- [Work task]:
With the pictures left out, repeat every entry that follows exactly.

[Text-to-region grounding data]
####################

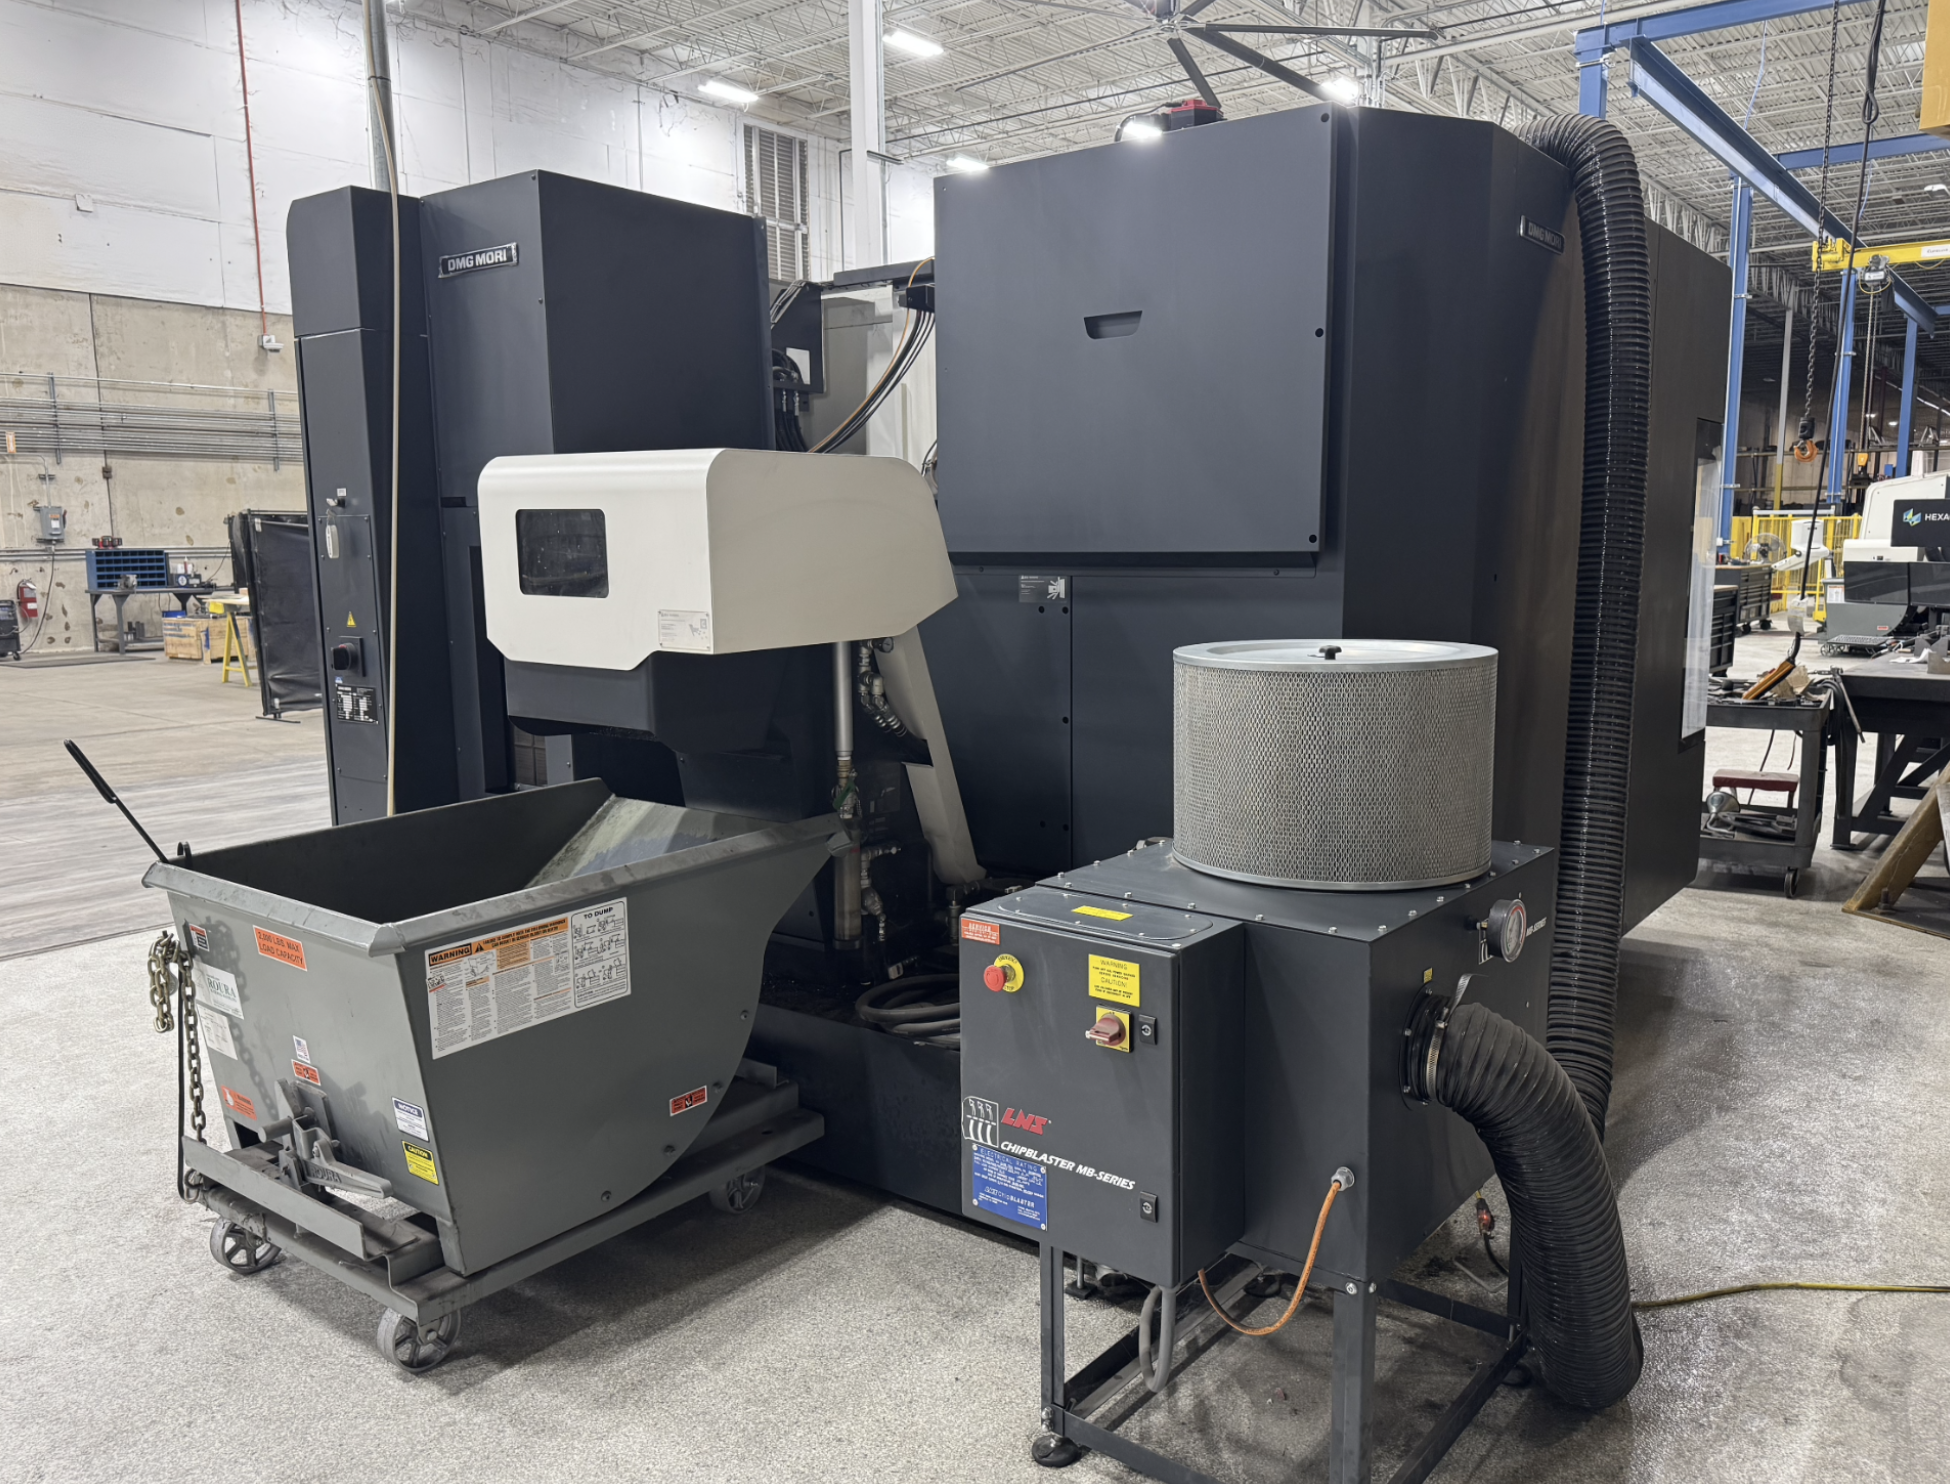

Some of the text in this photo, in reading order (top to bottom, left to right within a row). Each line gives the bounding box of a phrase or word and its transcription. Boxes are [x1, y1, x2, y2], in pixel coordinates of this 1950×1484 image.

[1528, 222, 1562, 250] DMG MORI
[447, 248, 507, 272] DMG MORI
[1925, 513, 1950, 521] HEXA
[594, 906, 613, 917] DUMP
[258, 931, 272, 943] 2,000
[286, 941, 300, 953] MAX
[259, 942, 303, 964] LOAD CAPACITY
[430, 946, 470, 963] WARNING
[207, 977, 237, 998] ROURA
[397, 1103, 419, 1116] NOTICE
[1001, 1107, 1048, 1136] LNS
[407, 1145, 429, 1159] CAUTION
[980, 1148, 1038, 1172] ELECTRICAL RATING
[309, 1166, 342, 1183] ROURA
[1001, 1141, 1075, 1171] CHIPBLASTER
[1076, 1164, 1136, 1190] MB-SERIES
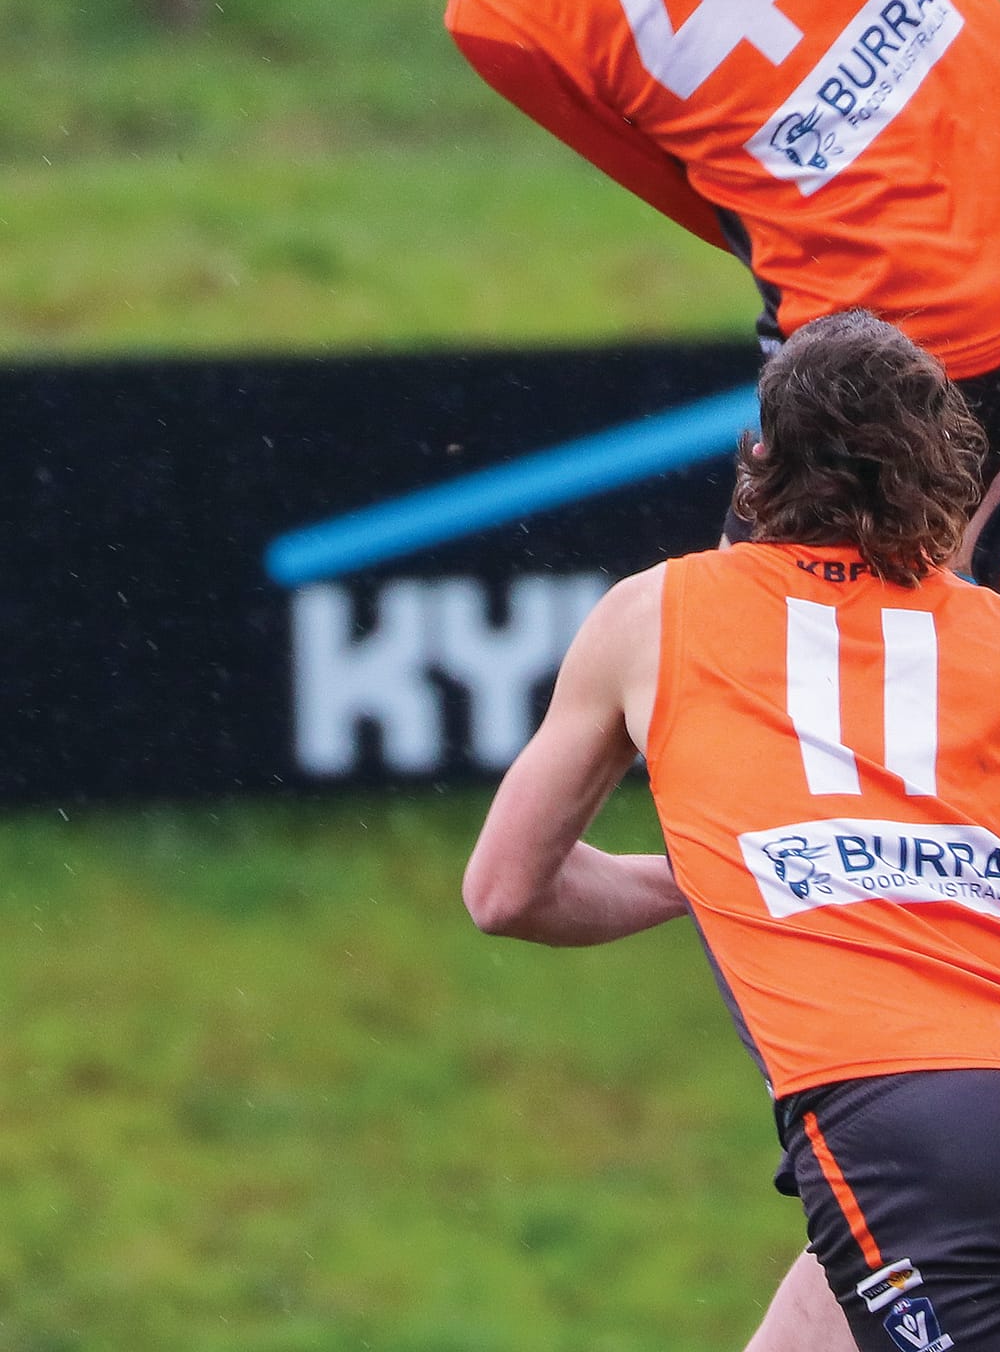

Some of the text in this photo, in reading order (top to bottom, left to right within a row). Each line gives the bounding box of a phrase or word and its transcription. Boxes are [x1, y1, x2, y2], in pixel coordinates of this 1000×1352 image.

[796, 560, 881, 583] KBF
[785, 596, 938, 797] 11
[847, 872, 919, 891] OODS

####################

- [Response]:
Some of the text in this photo, in reading order (top to bottom, left to right within a row). Each line gives the bounding box of a phrase or word and its transcription. Boxes are [x1, y1, x2, y2], in pixel coordinates of this 1950×1484 image.

[1528, 222, 1562, 250] DMG MORI
[447, 248, 507, 272] DMG MORI
[1925, 513, 1950, 521] HEXA
[594, 906, 613, 917] DUMP
[258, 931, 272, 943] 2,000
[286, 941, 300, 953] MAX
[259, 942, 303, 964] LOAD CAPACITY
[430, 946, 470, 963] WARNING
[207, 977, 237, 998] ROURA
[397, 1103, 419, 1116] NOTICE
[1001, 1107, 1048, 1136] LNS
[407, 1145, 429, 1159] CAUTION
[980, 1148, 1038, 1172] ELECTRICAL RATING
[309, 1166, 342, 1183] ROURA
[1001, 1141, 1075, 1171] CHIPBLASTER
[1076, 1164, 1136, 1190] MB-SERIES

Some of the text in this photo, in reading order (top to bottom, left to right within a row). Each line gives the bounding box of a phrase or word and its transcription. Boxes are [x1, y1, x2, y2], in pixel coordinates of this 1000×1352 image.

[796, 560, 881, 583] KBF
[785, 596, 938, 797] 11
[847, 872, 919, 891] OODS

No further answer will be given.